The Yorkshire Gliding Club (YGC) operate from an airfield on Sutton Bank in the North York Moors National Park, England. The airfield site is 7 mi east of Thirsk along the A170 road and just south of the National Park visitors centre at Sutton Bank. The club formed in 1934 from an amalgamation of gliding concerns from the West Riding of Yorkshire and has been in existence for over 80 years and has had many famous fliers such as Nicholas Goodhart, Amy Johnson and Fred Slingsby.

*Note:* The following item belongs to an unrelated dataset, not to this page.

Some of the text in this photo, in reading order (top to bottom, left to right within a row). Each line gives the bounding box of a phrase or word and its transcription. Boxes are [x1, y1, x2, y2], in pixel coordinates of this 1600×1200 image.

The club's location, on top of Roulston Scar and Sutton Bank over the White Horse of Kilburn, and the sheer drop away of the cliff, has made it a notable aircraft launching point. It is the most popular gliding club in the north of England.

==History==
Sutton Bank had been in use as a glider launching site for 25 years before the YGC was formed and had also been used by Slingsby Sailplanes to test their aircraft. The first official recorded use of the site was in 1911 when Erik Addyman launched his self-built glider off the edge of Sutton Bank. The Yorkshire Gliding Club was formed in April 1934 as an amalgamation of the Bradford Gliding Club with the Ilkley and District Gliding Club by Phil Wills, Fred Slingsby and Norman Sharpe. The club moved to Sutton Bank in the second half of 1934 when they negotiated a lease on the site from the land owners (it was owned by the Church of England) with the site being perceived as second only to one at Dunstable in the development of British gliding. However, in the early days of gliding the airspace at Sutton Bank was deemed of far greater value as its launch site was 600 ft above the ground level at the bottom of the cliff compared to Dunstable's 200 ft clearance.

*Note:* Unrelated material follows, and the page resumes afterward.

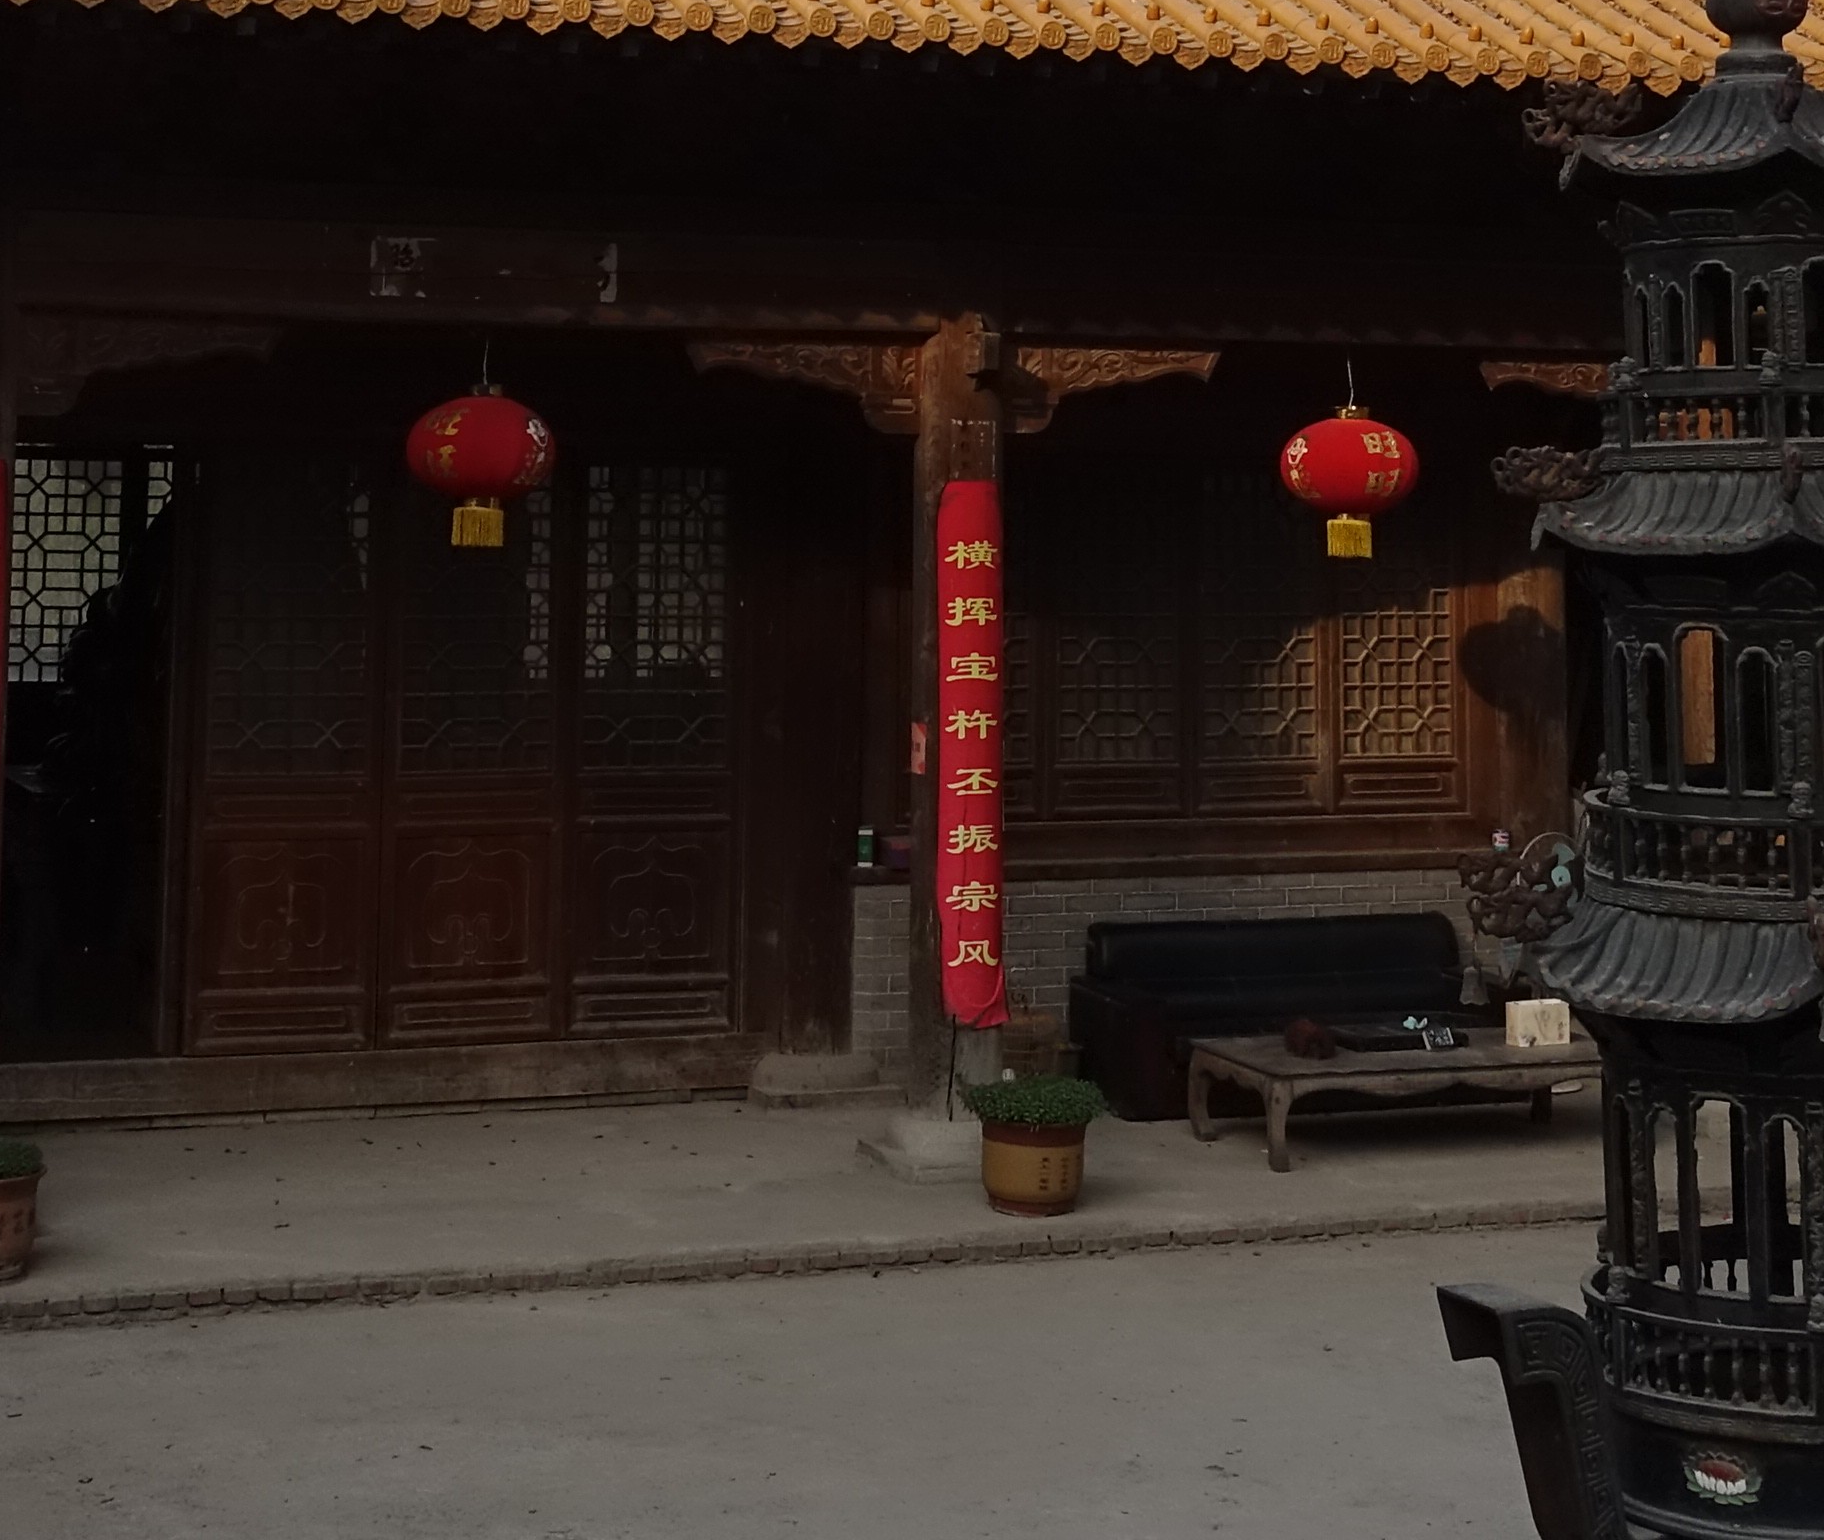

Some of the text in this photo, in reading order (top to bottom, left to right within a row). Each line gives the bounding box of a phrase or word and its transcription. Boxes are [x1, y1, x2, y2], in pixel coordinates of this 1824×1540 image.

[944, 540, 999, 967] 横挥宝杵丕振宗风

The YGC airfield sits atop an escarpment on the southern edge of Sutton Bank, 920 ft above sea level, that used to be an Iron Age hill fort, and as such, the site is registered as a scheduled monument (excluding for the YGC buildings). Due to the topography of the site, which has a steep west facing escarpment, air is forced upwards against the cliff face providing natural lift with an aerial tow or winch assisting the gliders in getting airborne. A third form of lift exists in what is known as a Mountain Wave which allows for flying at advanced heights, with the club record standing at 33,000 ft.

In August 1935, despite being only just over one year old, the Yorkshire Gliding Club and their airfield at Sutton Bank were deemed to be the premier location for the August to September National Gliding Competition. The editorial of the August edition of the Sailplane and Gliding Journal stated
...it is safe to say that there is no other site in the country at present nearly as well suited to the efficient running of the Competitions[sic].
 The launch site at Sutton Bank was recognised nationally as the best place in the United Kingdom for high-efficiency soaring and gliding. Hangars and ancillary buildings were erected in 1934 for the National Gliding Championships. In 1936, a brick hangar was built which is still extant today.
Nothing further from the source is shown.